Free-text object descriptions
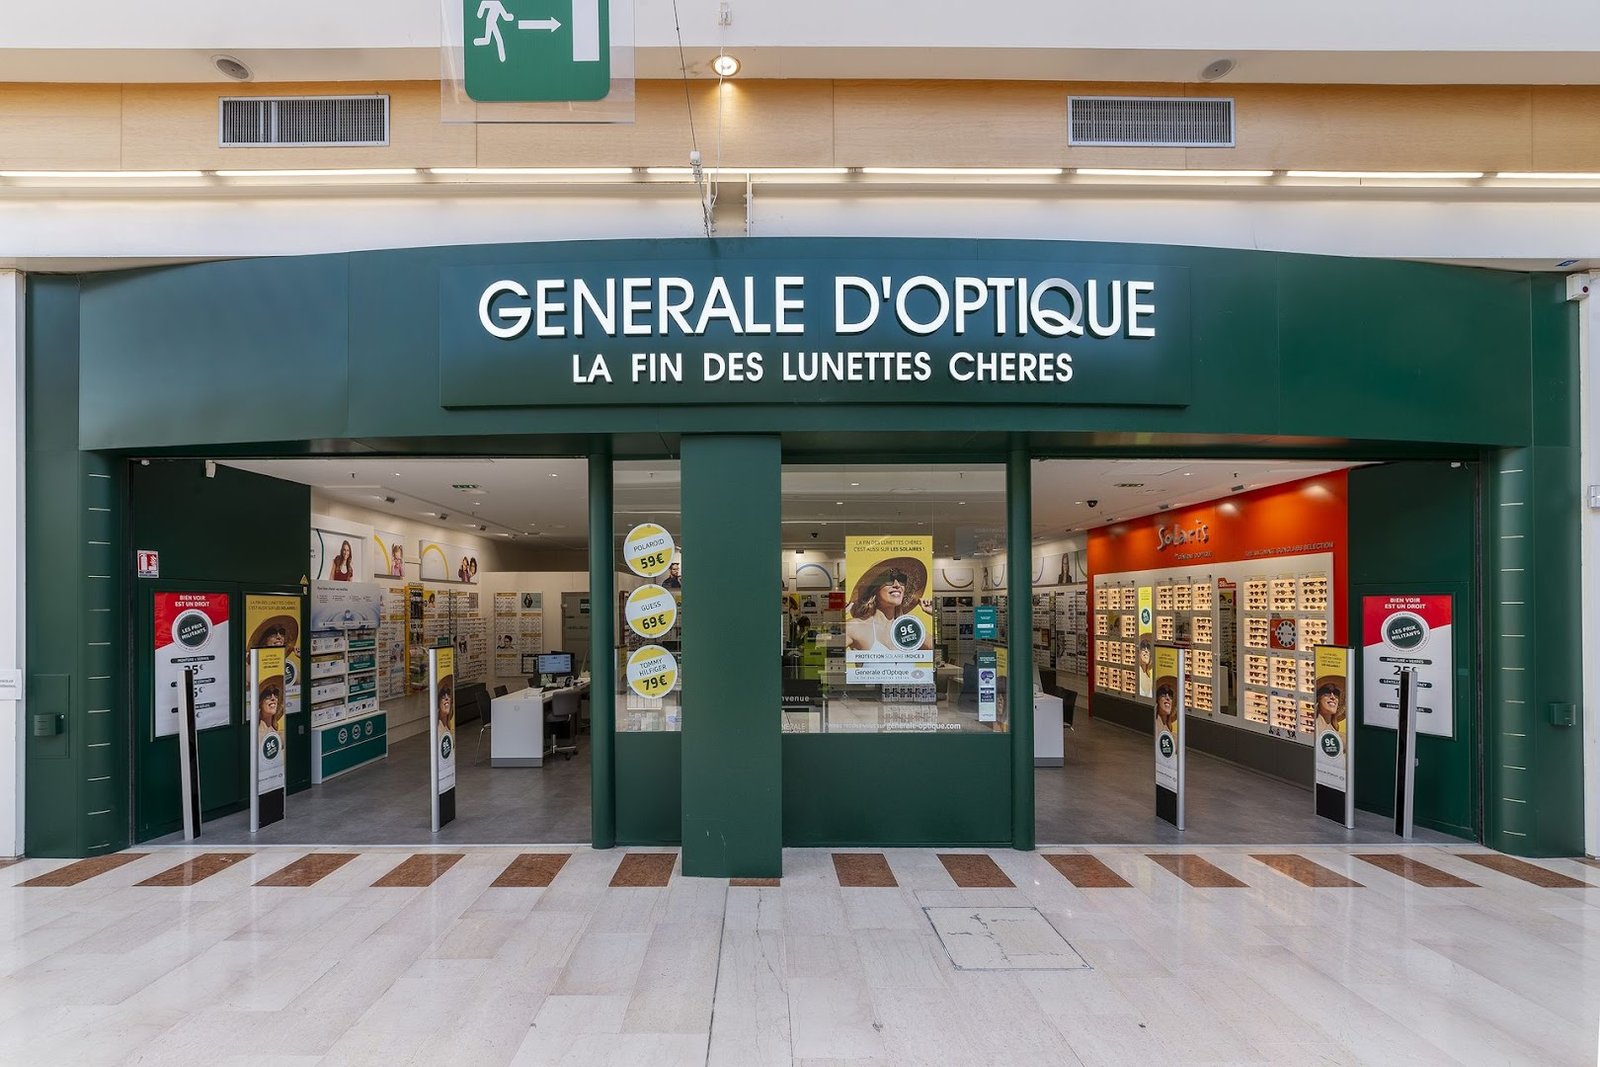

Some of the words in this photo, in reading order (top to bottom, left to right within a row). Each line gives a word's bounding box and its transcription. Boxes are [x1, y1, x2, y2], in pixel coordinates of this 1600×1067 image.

[478, 275, 805, 339] GENERALE
[835, 274, 1156, 339] D'OPTIQUE
[572, 352, 612, 384] LA
[632, 352, 684, 383] FIN
[704, 351, 764, 383] DES
[783, 350, 932, 383] LUNETTES
[948, 350, 1074, 383] CHERES
[1157, 519, 1209, 551] Solaris
[633, 538, 665, 552] POLAROID
[640, 553, 665, 569] 59€
[641, 601, 662, 611] GUESS
[642, 614, 667, 630] 69€
[900, 624, 915, 636] 9€
[638, 664, 667, 677] HILFIGER
[640, 657, 663, 669] TOMMY
[642, 674, 667, 690] 79€
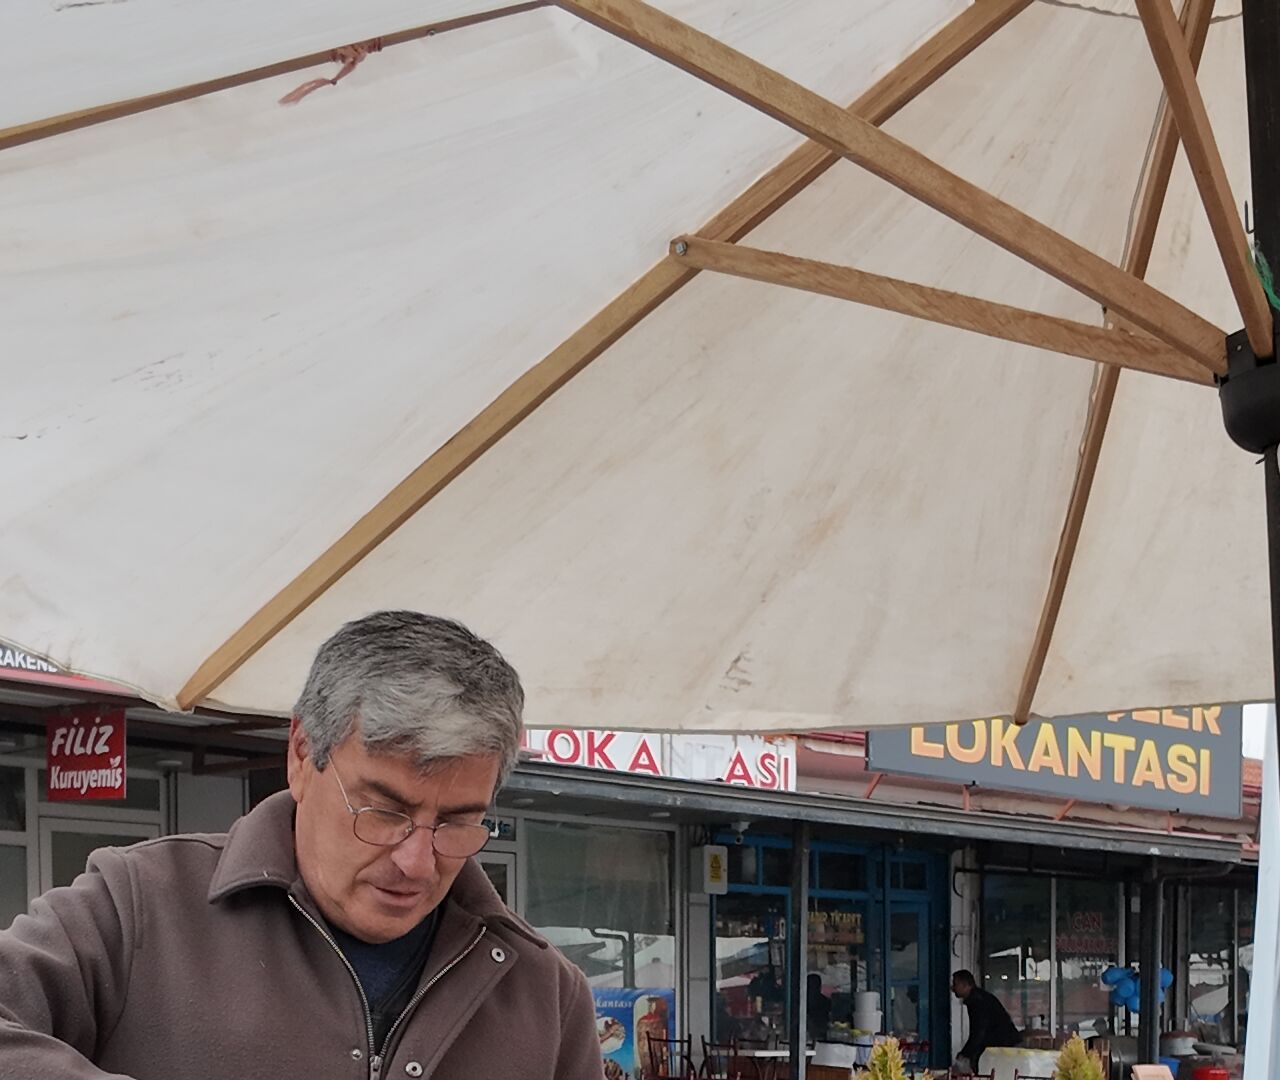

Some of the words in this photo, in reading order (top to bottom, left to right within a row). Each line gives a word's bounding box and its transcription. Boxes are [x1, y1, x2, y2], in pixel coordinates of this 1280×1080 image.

[50, 717, 114, 757] FİLİZ
[50, 759, 122, 794] Kuruyemiş
[911, 718, 1210, 797] LOKANTASI
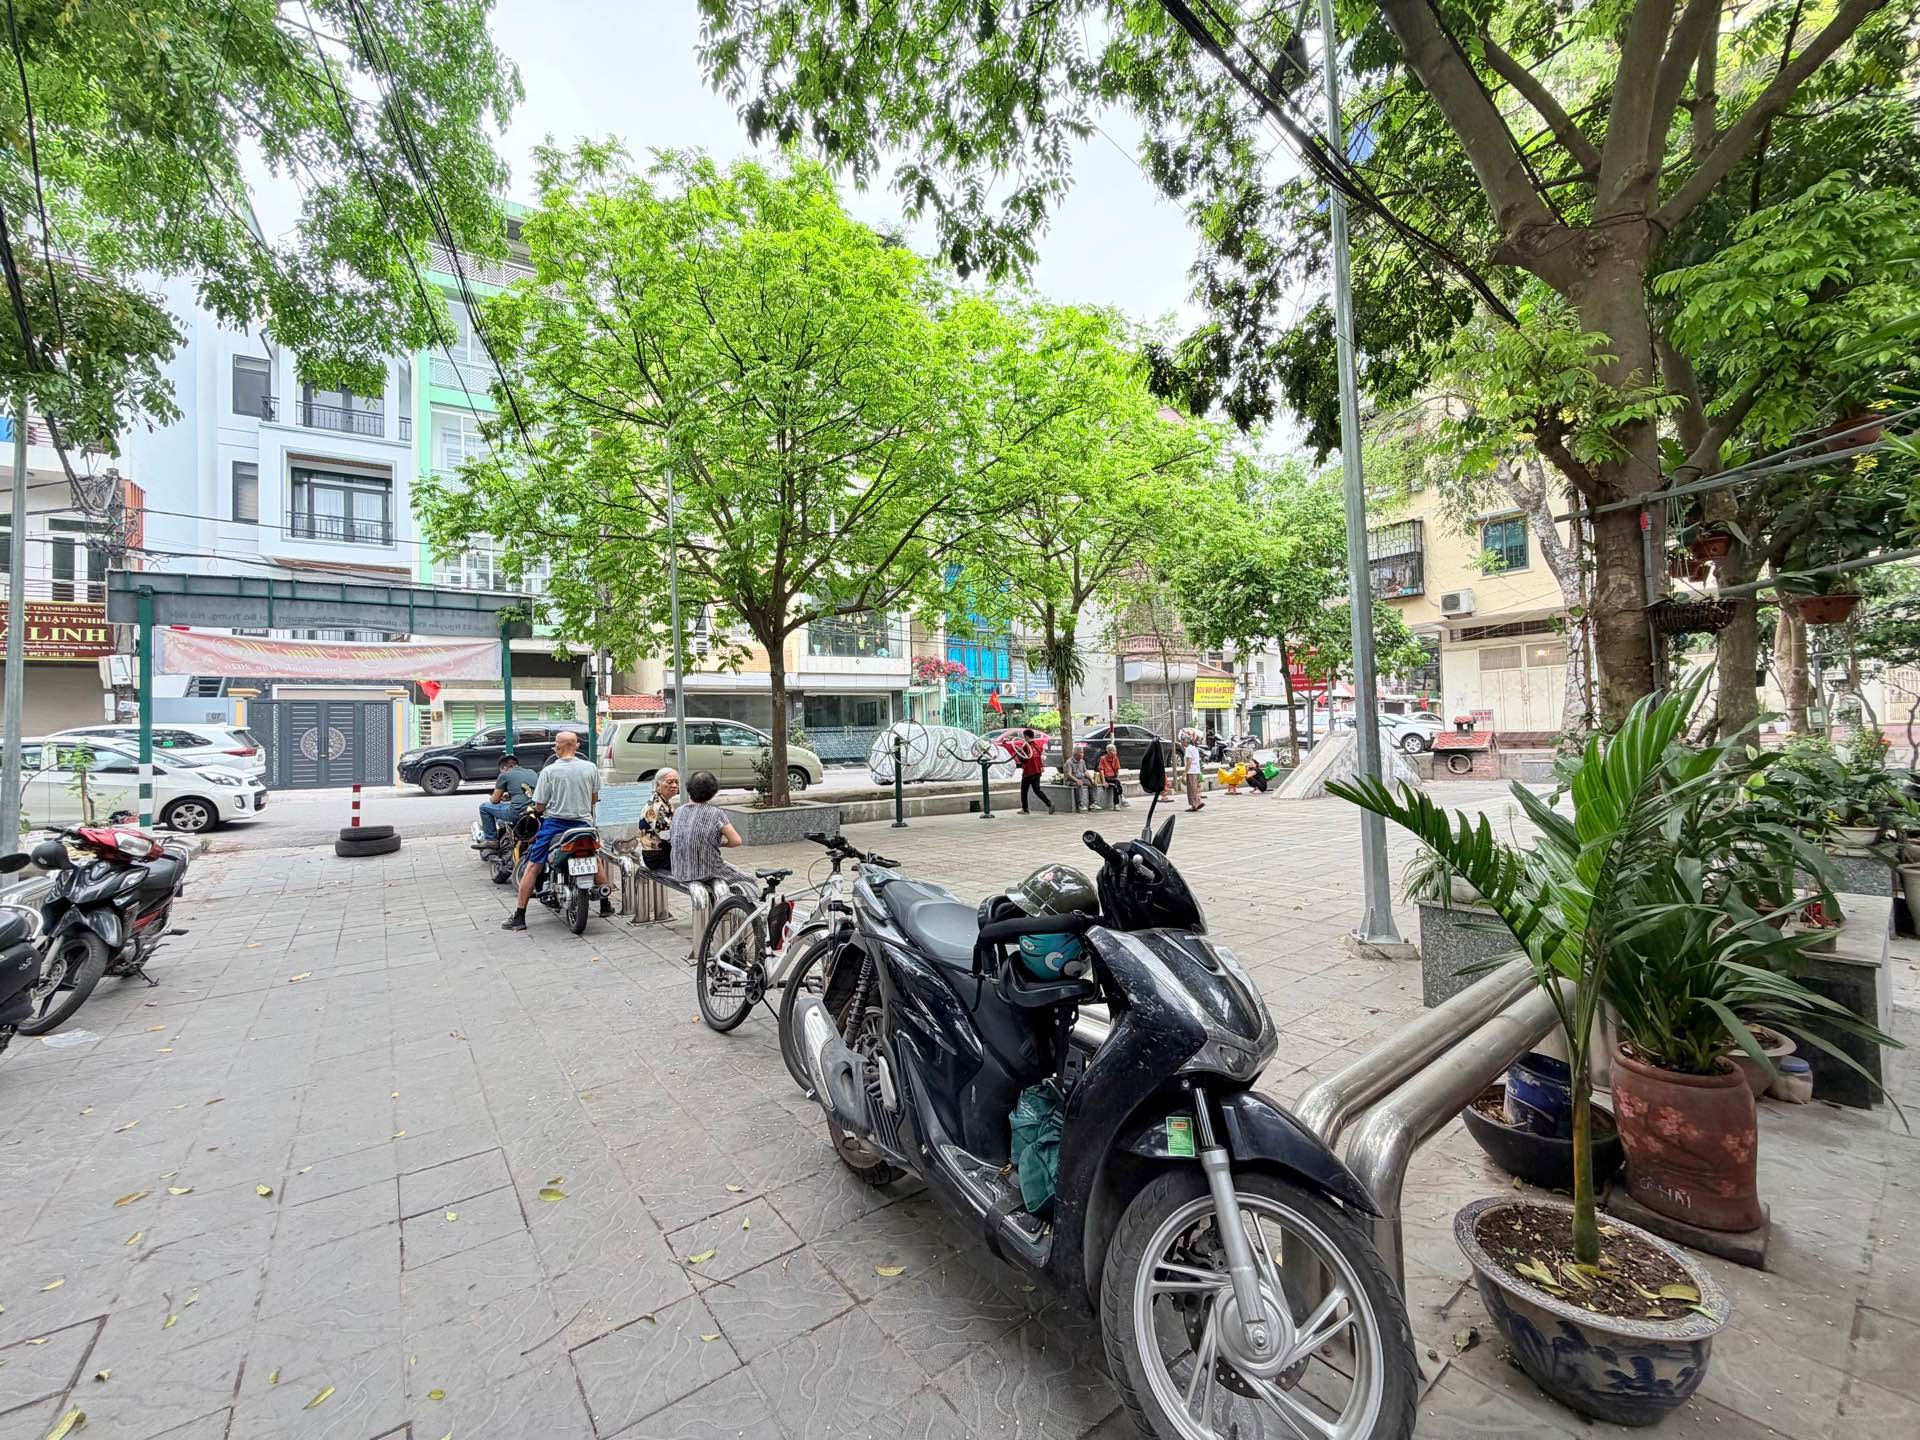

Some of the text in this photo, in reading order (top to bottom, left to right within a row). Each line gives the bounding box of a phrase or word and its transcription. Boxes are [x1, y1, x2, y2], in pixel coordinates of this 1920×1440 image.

[33, 604, 61, 612] THÀNH
[34, 616, 70, 624] LUẬT
[28, 627, 107, 642] LINH
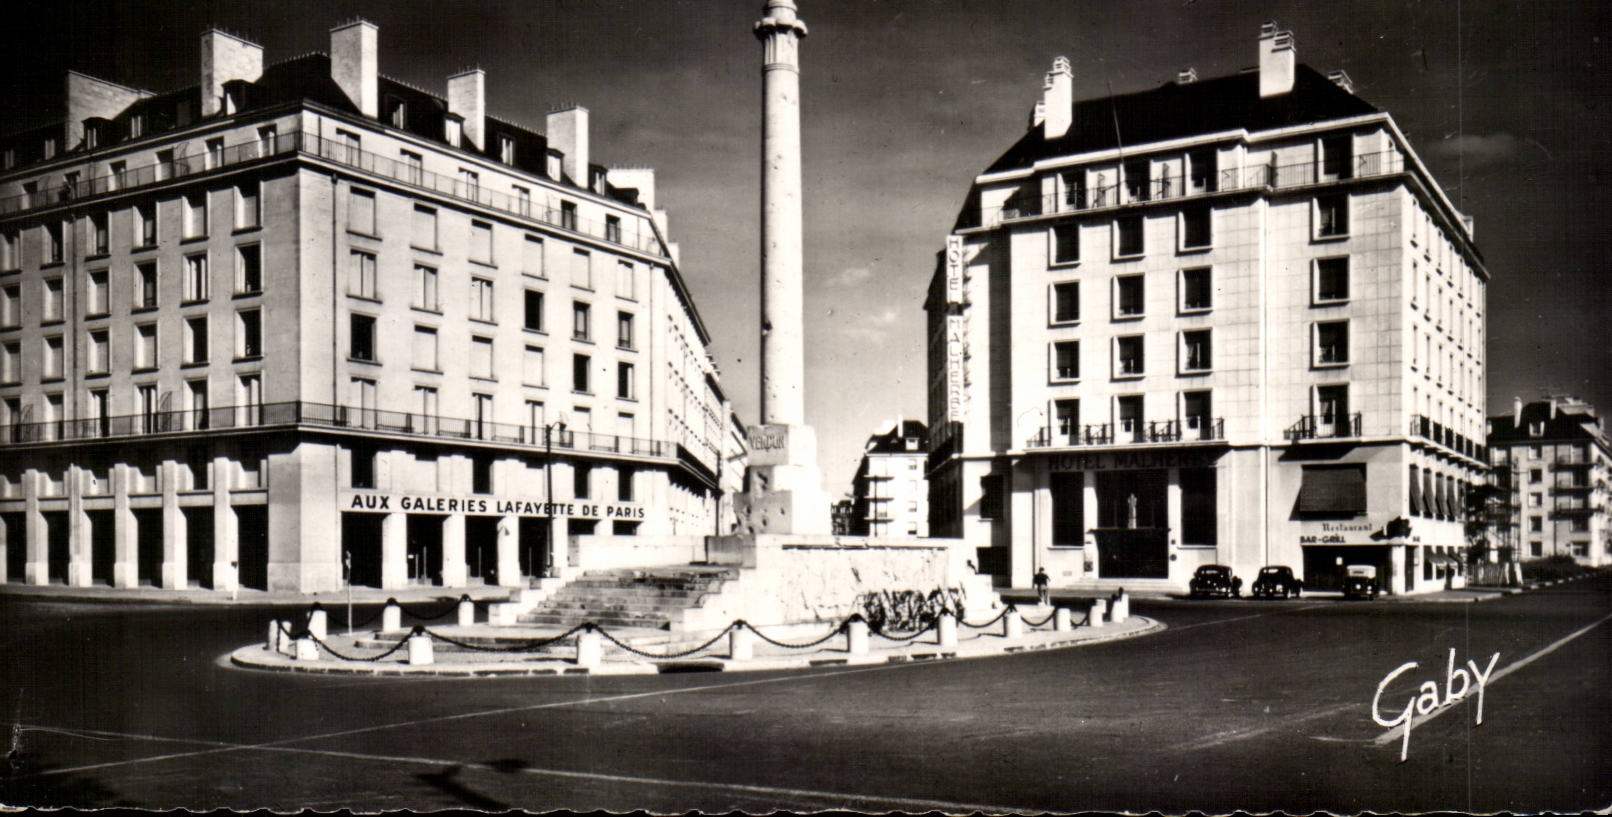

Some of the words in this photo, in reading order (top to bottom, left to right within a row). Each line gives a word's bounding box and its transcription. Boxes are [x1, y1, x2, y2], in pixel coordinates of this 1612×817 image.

[1048, 453, 1106, 471] HOTEL
[351, 494, 390, 510] AUX
[401, 496, 487, 513] GALERIES
[497, 501, 574, 516] LAFAYETTE
[582, 504, 599, 517] DE
[607, 506, 645, 519] PARIS
[1322, 523, 1373, 532] Restaurant
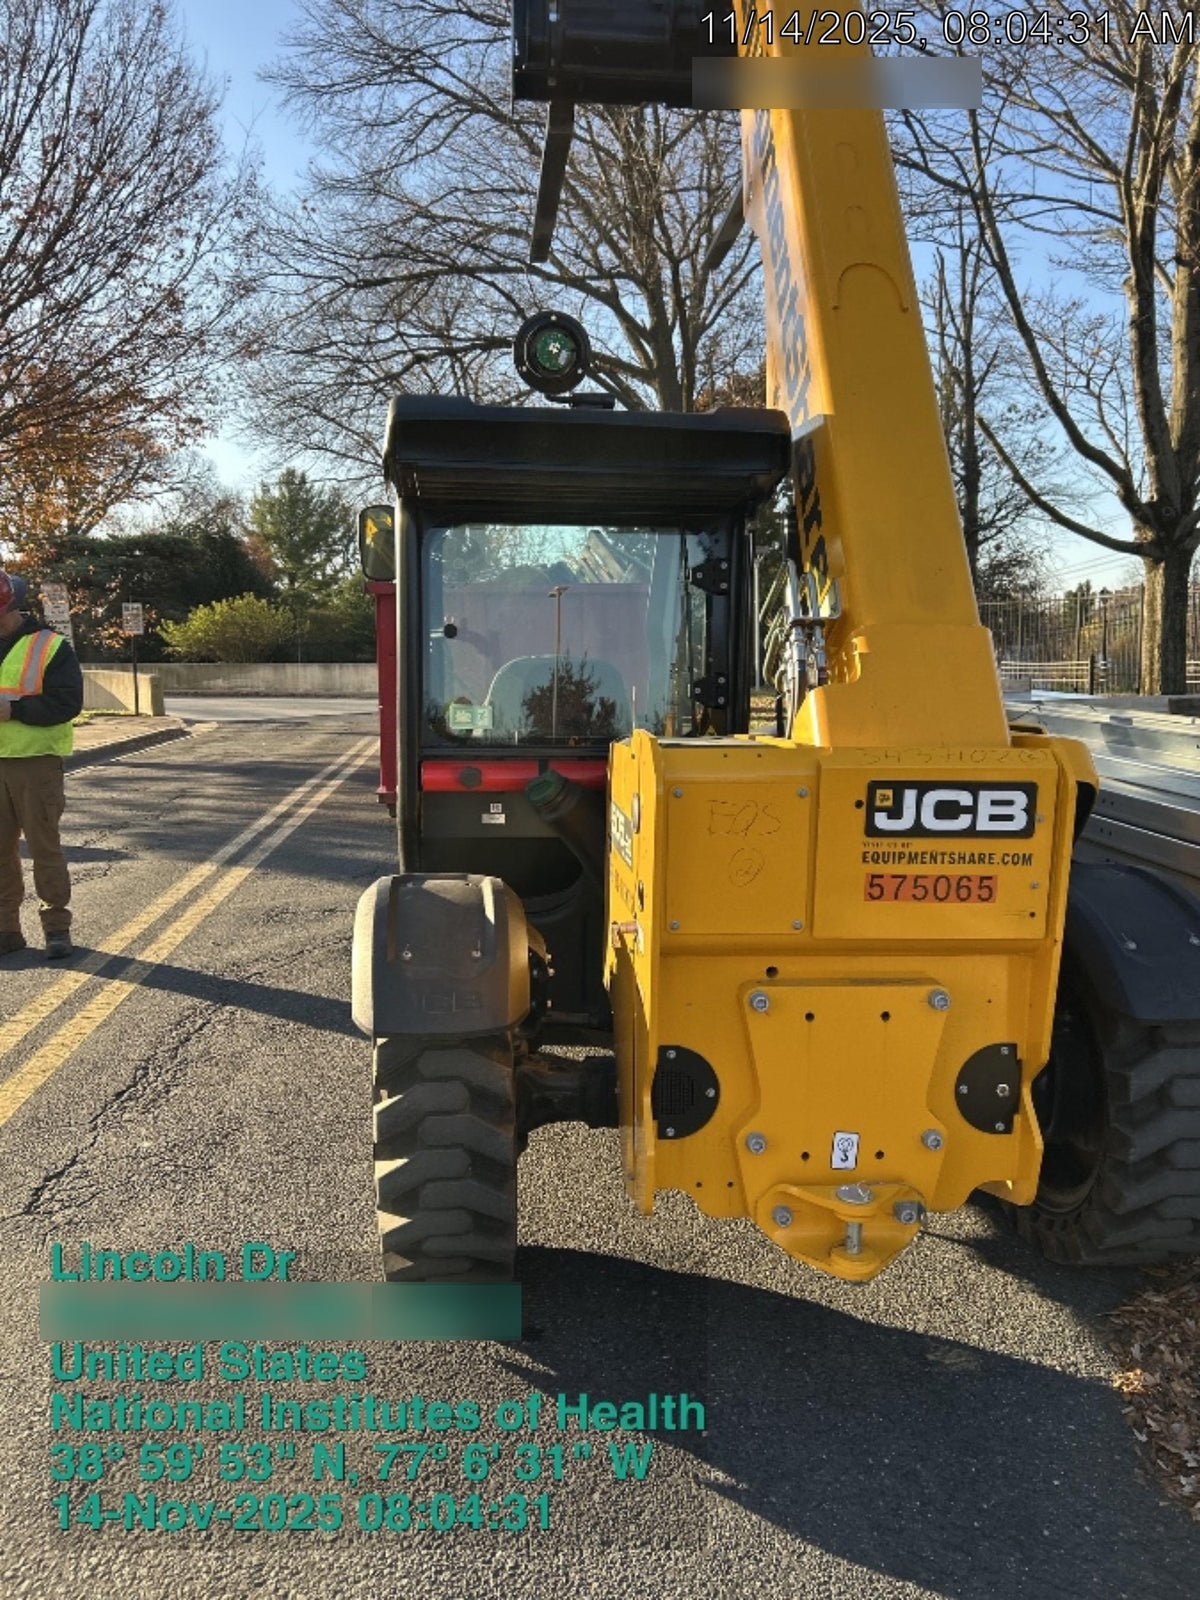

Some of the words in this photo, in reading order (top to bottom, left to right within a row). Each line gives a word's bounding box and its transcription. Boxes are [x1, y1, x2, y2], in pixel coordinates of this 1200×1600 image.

[What the task asks]:
Print the data once more without any change, skipping each picture.

[The completed task]:
Some of the words in this photo, in reading order (top to bottom, left to right within a row). Each line gives a word's bounding box and its transcription. Boxes are [x1, y1, x2, y2], in pixel coordinates of this 1600×1067 image.

[478, 275, 805, 339] GENERALE
[835, 274, 1156, 339] D'OPTIQUE
[572, 352, 612, 384] LA
[632, 352, 684, 383] FIN
[704, 351, 764, 383] DES
[783, 350, 932, 383] LUNETTES
[948, 350, 1074, 383] CHERES
[1157, 519, 1209, 551] Solaris
[633, 538, 665, 552] POLAROID
[640, 553, 665, 569] 59€
[641, 601, 662, 611] GUESS
[642, 614, 667, 630] 69€
[900, 624, 915, 636] 9€
[638, 664, 667, 677] HILFIGER
[640, 657, 663, 669] TOMMY
[642, 674, 667, 690] 79€

Some of the words in this photo, in reading order (top to bottom, left to right within a row). Each line gives a word's bounding box and its transcription. Boxes are [x1, y1, x2, y2], in pixel coordinates of this 1280×1080 image.

[50, 717, 114, 757] FİLİZ
[50, 759, 122, 794] Kuruyemiş
[911, 718, 1210, 797] LOKANTASI

Some of the text in this photo, in reading order (top to bottom, left to right within a row). Each line gives the bounding box of a phrase or word and its transcription. Boxes are [x1, y1, x2, y2], in pixel coordinates of this 1920×1440 image.

[33, 604, 61, 612] THÀNH
[34, 616, 70, 624] LUẬT
[28, 627, 107, 642] LINH

Some of the words in this photo, in reading order (top to bottom, left to right within a row). Each line gives a word's bounding box and its transcription. Boxes are [x1, y1, x2, y2], in pixel coordinates of this 1612×817 image.

[1048, 453, 1106, 471] HOTEL
[351, 494, 390, 510] AUX
[401, 496, 487, 513] GALERIES
[497, 501, 574, 516] LAFAYETTE
[582, 504, 599, 517] DE
[607, 506, 645, 519] PARIS
[1322, 523, 1373, 532] Restaurant

Some of the words in this photo, in reading order (top to bottom, left to right within a row). Each line gives a word's bounding box and its transcription. Boxes are [x1, y1, x2, y2], in pixel coordinates of this 1200×1600 image.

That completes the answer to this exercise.